Sullenly, he tucked his chin against his chest and left the room. As he trudged into his own room, he realized why she'd told him anything at all: she thought if she gave him information about Shikamaru, she could distract him from the matter of his real father. Unfortunately, she'd been right.
It had long since gotten dark out when Ino stopped by the Nara house. Shikamaru got up from the scrolls spread out on the floor and answered the door without saying anything.

Her gaze slid to the paper chaos on the floor behind him. "Late-night studying session?"

He grunted a meager affirmative.

"That never worked when we were in the Academy," she said.

"I only ever did it then," he said, "because you made it harder for me to say no, I'd rather sleep than actually stay up with you. Are you going to come in or not?"

She stepped inside, pulling the door shut after her. "This time," she said, "I'm going to tell you to get some sleep."

He squatted down by the scrolls again. "Can't afford it."

"And we can't afford to have you falling asleep in the middle of a fight tomorrow," she said.

"I'm under orders to stay out of battle if possible anyway," he said. "Can't let the top strategist risk his life when others are risking theirs." He slid the quickest of glances at her.

"When are you going to stop feeling guilty?" The words burst out of her in an annoyed puff of air. They'd been held back for too long.

He didn't look at her.

"It wasn't your fault," she said. "You couldn't have known..."
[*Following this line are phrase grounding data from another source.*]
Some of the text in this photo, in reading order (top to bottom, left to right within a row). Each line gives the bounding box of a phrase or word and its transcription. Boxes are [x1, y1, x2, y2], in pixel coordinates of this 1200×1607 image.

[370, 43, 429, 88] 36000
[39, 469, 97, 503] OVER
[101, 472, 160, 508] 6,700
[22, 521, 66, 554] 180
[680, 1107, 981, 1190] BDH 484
"It was," he said quietly, "and I should have."

"She attacked us because we were Sand's enemies," Ino said sharply. "Not out of jealousy."
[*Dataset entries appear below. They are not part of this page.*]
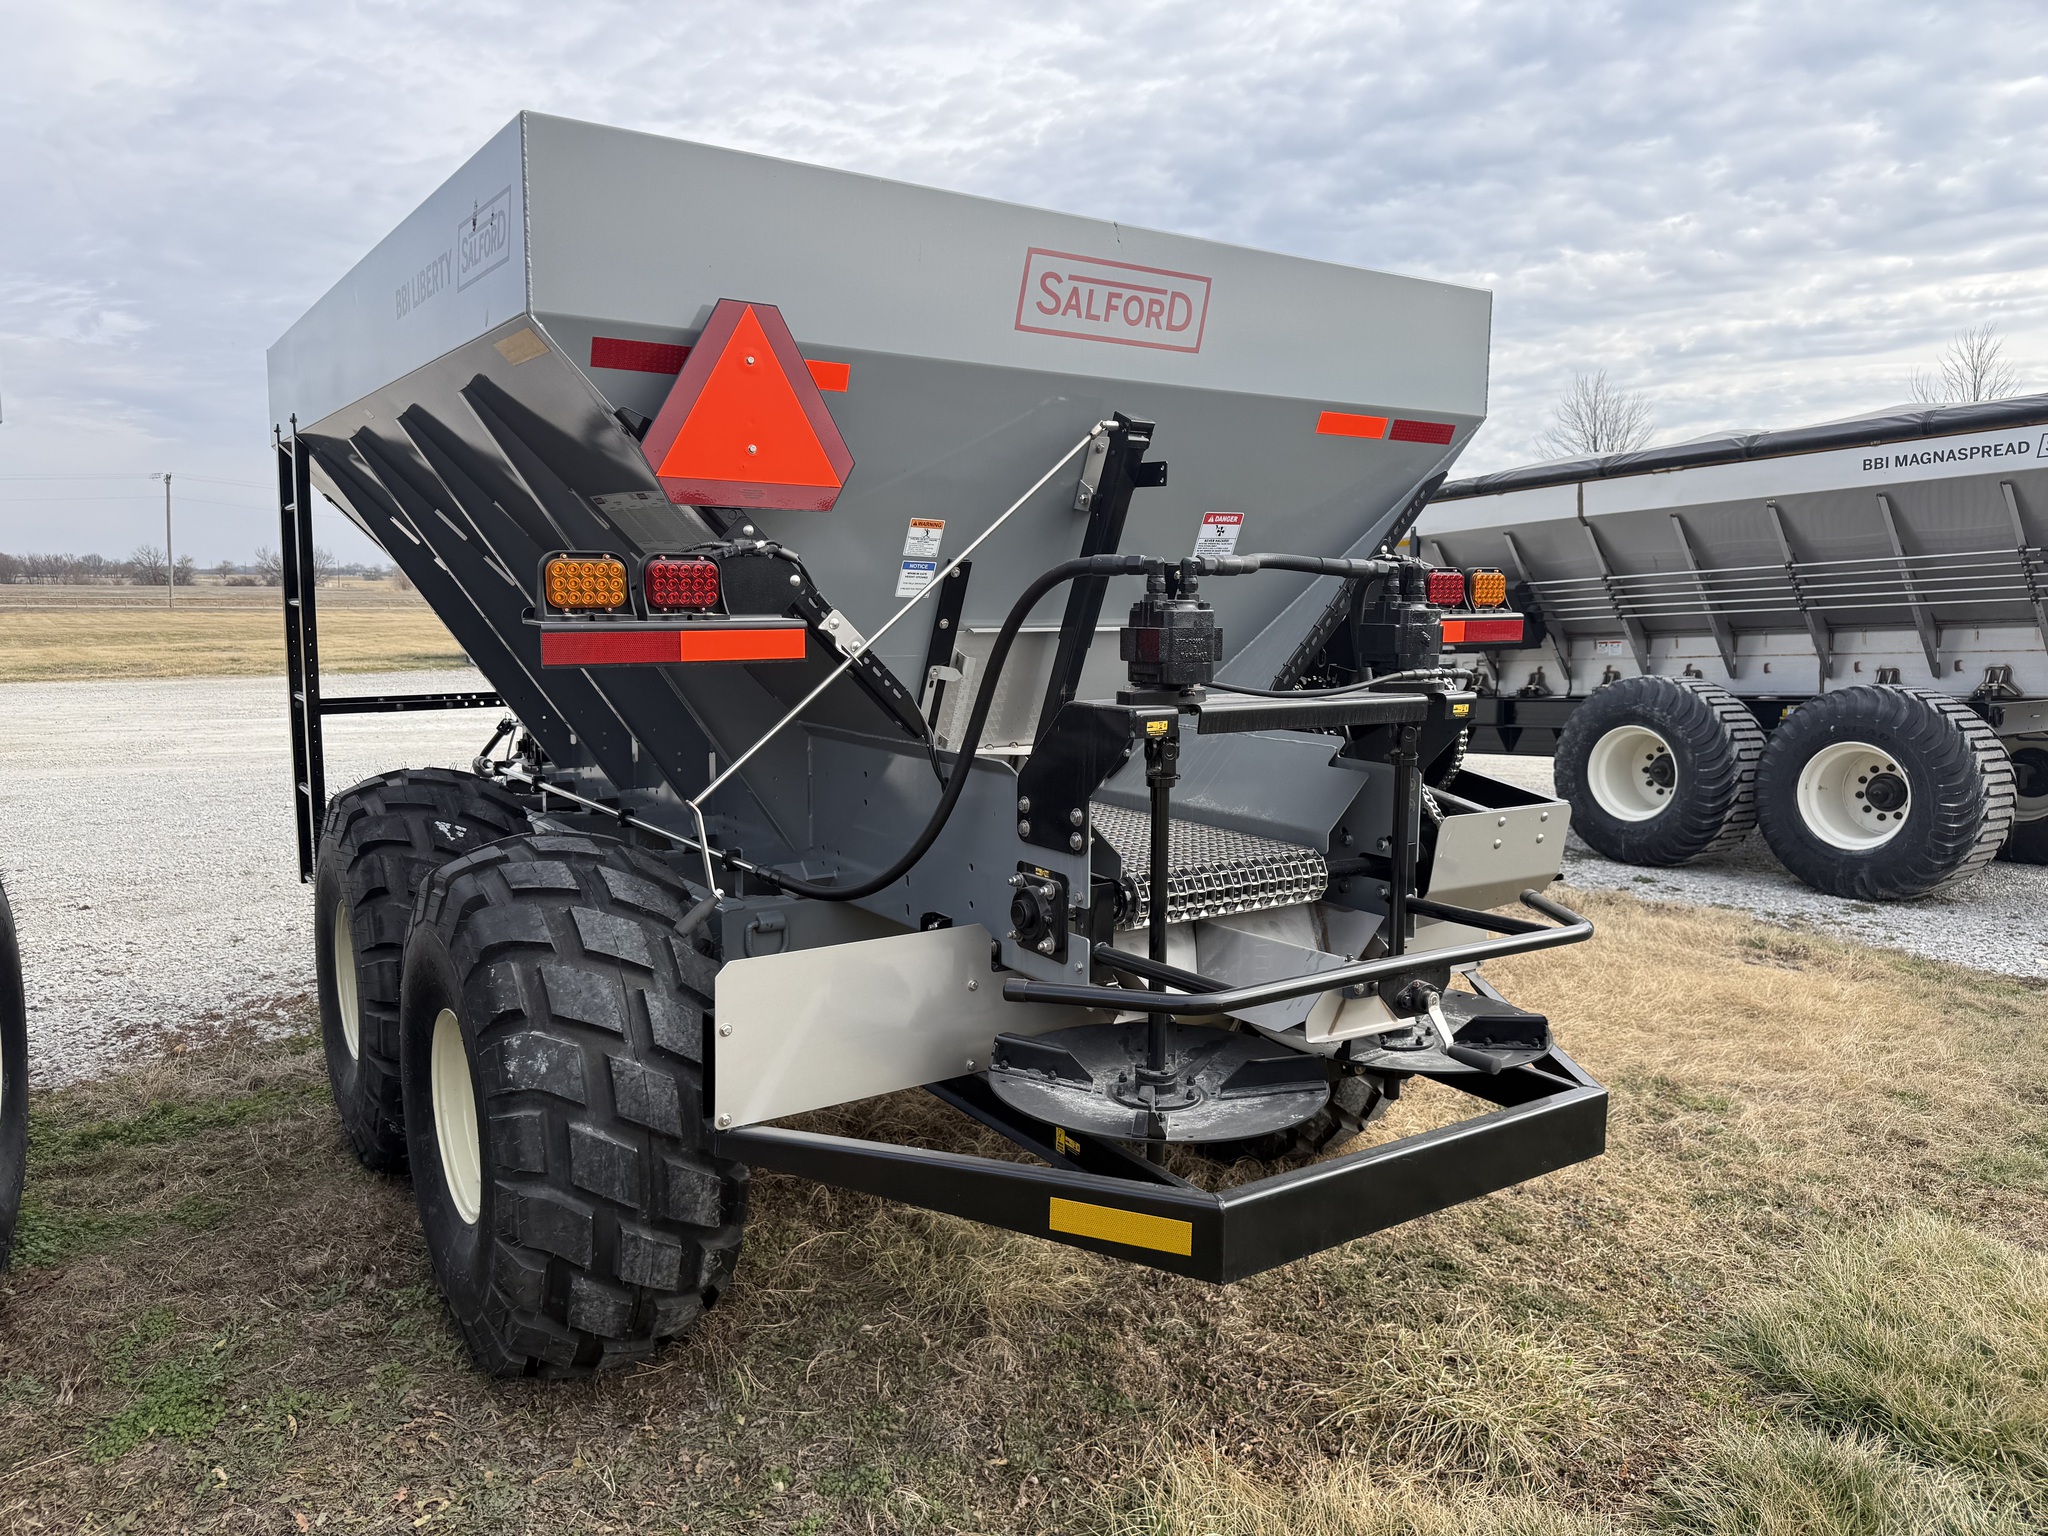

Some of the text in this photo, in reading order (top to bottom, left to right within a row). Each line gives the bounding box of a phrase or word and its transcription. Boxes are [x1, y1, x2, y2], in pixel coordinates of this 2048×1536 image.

[461, 209, 506, 274] SALFORD
[395, 248, 452, 320] BBI LIBERTY
[1036, 271, 1193, 332] SALFORD
[1862, 456, 1889, 471] BBI
[1894, 440, 2031, 468] MAGNASPREAD
Shikamaru stared down at the scrolls, but he wasn't seeing them anymore. "She told me she would never attack me. I should have been there with you and Chouji."

Ino hesitated. "You never mentioned that before..."

He laughed quietly, without humor. "Still think it's not my fault?"

She stood up abruptly. "You're an idiot." She turned to go. "Get some sleep, idiot."

When she was gone, he sat in the dim light and tried to pay attention to the reports on the scrolls, but whenever he blinked, the characters threatened to twist into the names of the dead.